Monologue dramatique de de Tarjei Vesaas, mise en scène de Claude Régy, avec Yann Boudaud, Olivier Bonnefoy et Nichan Moumdjian.
C'est sous le signe du silence et de la pénombre, dont l'union crée aussitôt l'ambiance qui va régner pendant le spectacle, que l'on pénètre dans la petite salle des Ateliers Berthier.
D'emblée, les choses sont ainsi limpides : "La barque le soir" n'est pas là pour emporter les spectateurs vers un lieu de villégiature mais pour les conduire, tétanisés et oppressés, vers l'ultime destination que chacun devra tôt ou tard rejoindre.
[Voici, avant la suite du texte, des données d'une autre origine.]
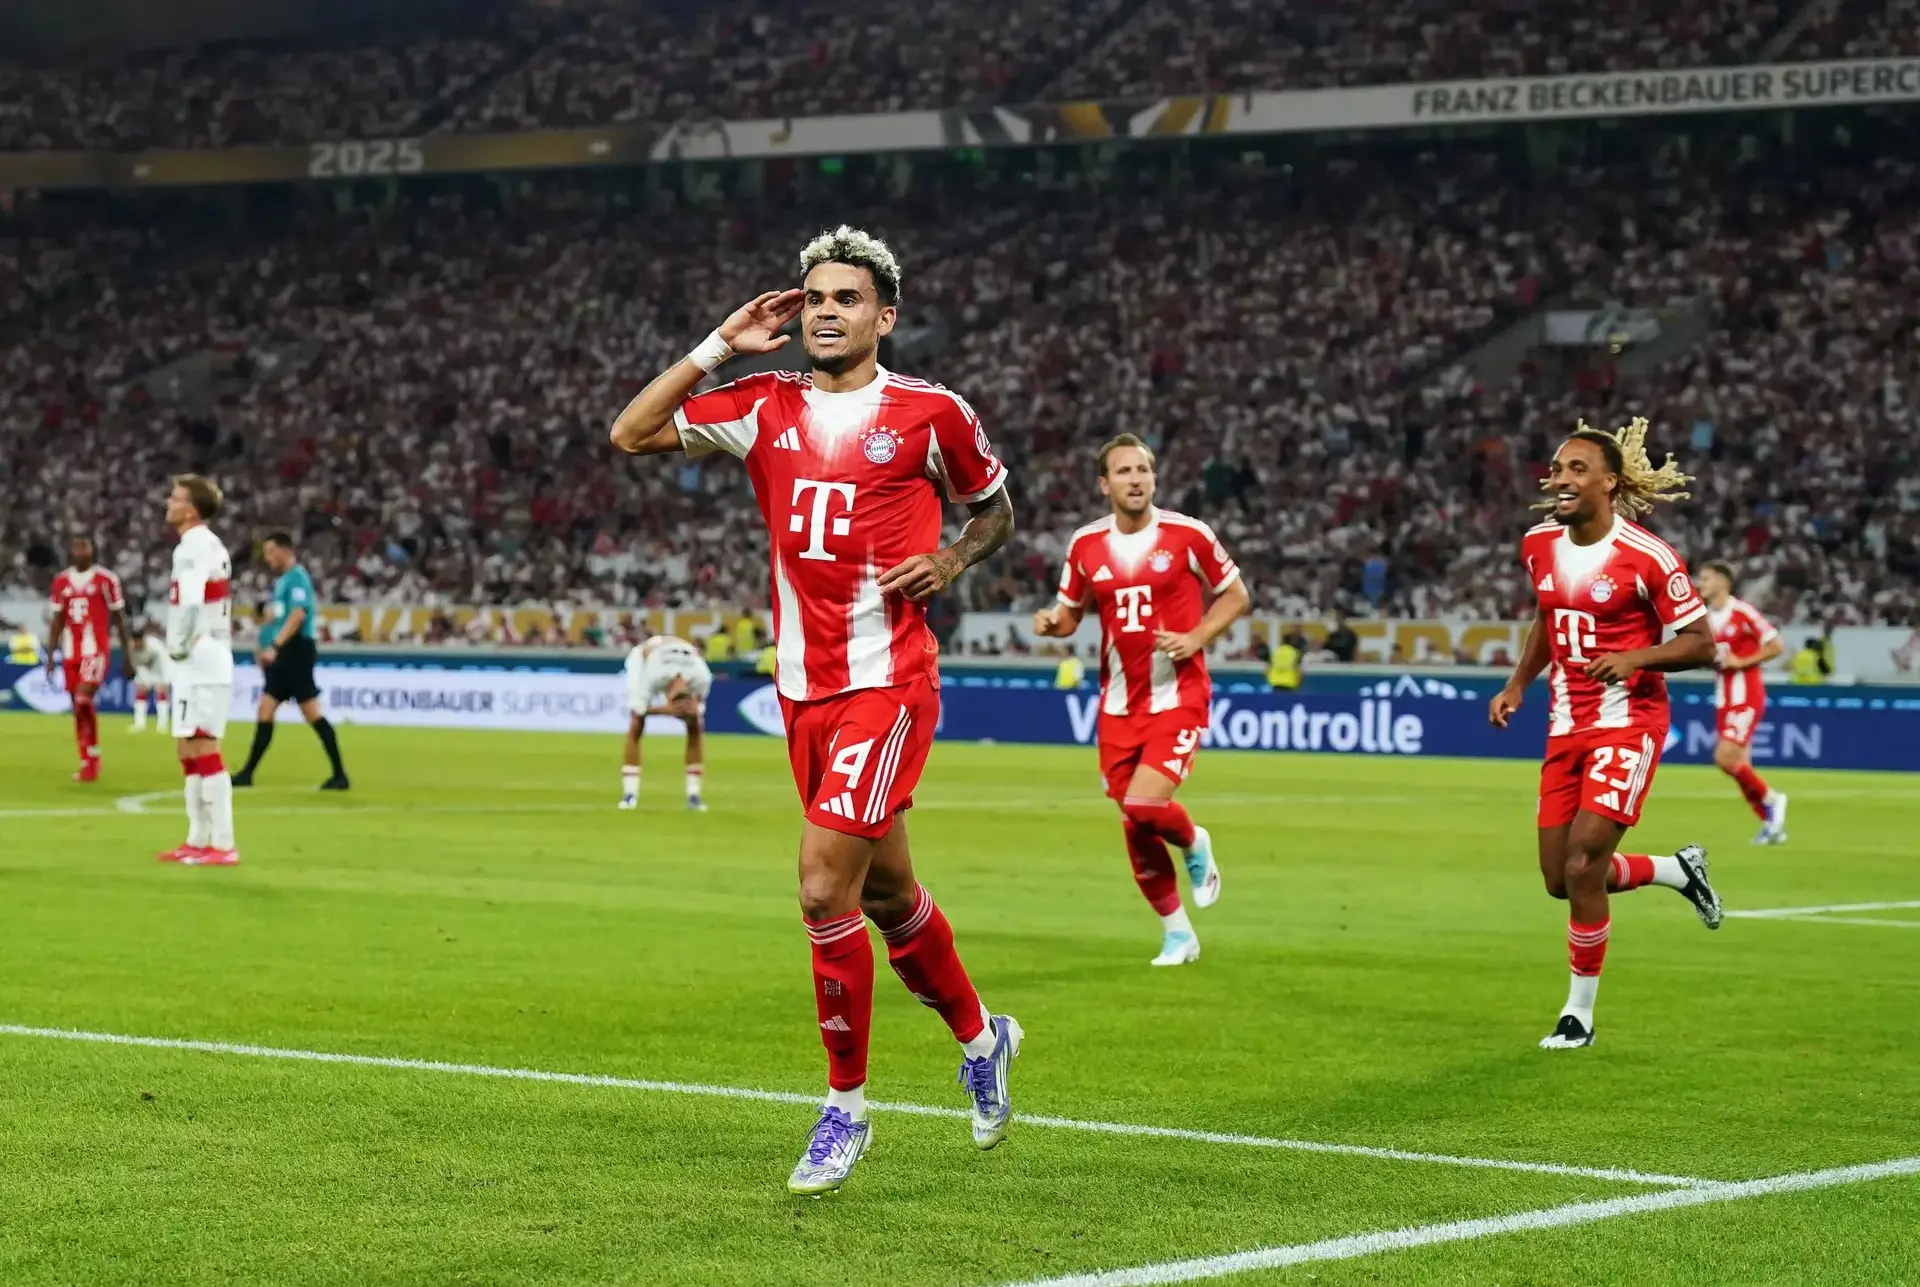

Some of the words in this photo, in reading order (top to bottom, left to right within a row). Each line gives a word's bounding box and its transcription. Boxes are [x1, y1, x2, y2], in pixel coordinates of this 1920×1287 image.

[1413, 82, 1519, 117] FRANZ
[1528, 69, 1773, 111] BECKENBAUER
[1783, 62, 1920, 99] SUPERC
[308, 139, 424, 177] 2025
[788, 478, 857, 562] T
[1115, 584, 1153, 634] T
[1554, 607, 1597, 665] T
[177, 700, 188, 722] 7
[329, 685, 495, 714] BECKENBAUER
[502, 690, 616, 717] SUPERCUP
[1201, 697, 1422, 755] Kontrolle
[1589, 746, 1642, 791] 23
Pour y guider les volontaires du jour, Claude Régy a choisi un texte d'un grand écrivain norvégien, Tarjei Vesaas, traduit superbement par Régis Boyer.
Comme son contemporain Alain Resnais le fait en ce moment au cinéma avec " Vous n'avez encore rien vu" , Claude Régy examine avec lucidité cette mort qui se rapproche et cherche une fois encore à en comprendre l'essence.
Seul sur l'avant-scène, un homme en noir, à la gestuelle lente et parfois emphatique, transforme son visage en masque d'effroi effaré. Devant le rideau noir qui ne s'ouvrira jamais, et sur lequel s'inscriront fugacement quelques formes projetées, il parle en décomposant les mots à l'extrême, comme pour retarder l'issue de son récit qu'il pressent fatale.
C'est une longue dérive d'une "barque silencieuse", pour reprendre la formule de Pascal Quignard ; la lente et inexorable dérive d'un corps dans les eaux du Styx.
Pour ce voyage au bout de la dernière nuit, Claude Régy s'appuie sur la scénographie austère de Sallahdyn Khatar, sur les savantes variations de lumière de Rémi Godfroy, ainsi que sur les quelques éléments sonores distillés par Philippe Cachia.
Au cœur de ce climat mortifère, de ce combat perdu d'avance contre le silence infini, il y a surtout la présence étrangement douloureuse de Yann Boudaud, acteur qui sait insuffler du mystère à son cheminement prévisible.
Car ce qu'on attend survient, mais Claude Régy sait transformer l'attendu en moment de grâce théâtrale.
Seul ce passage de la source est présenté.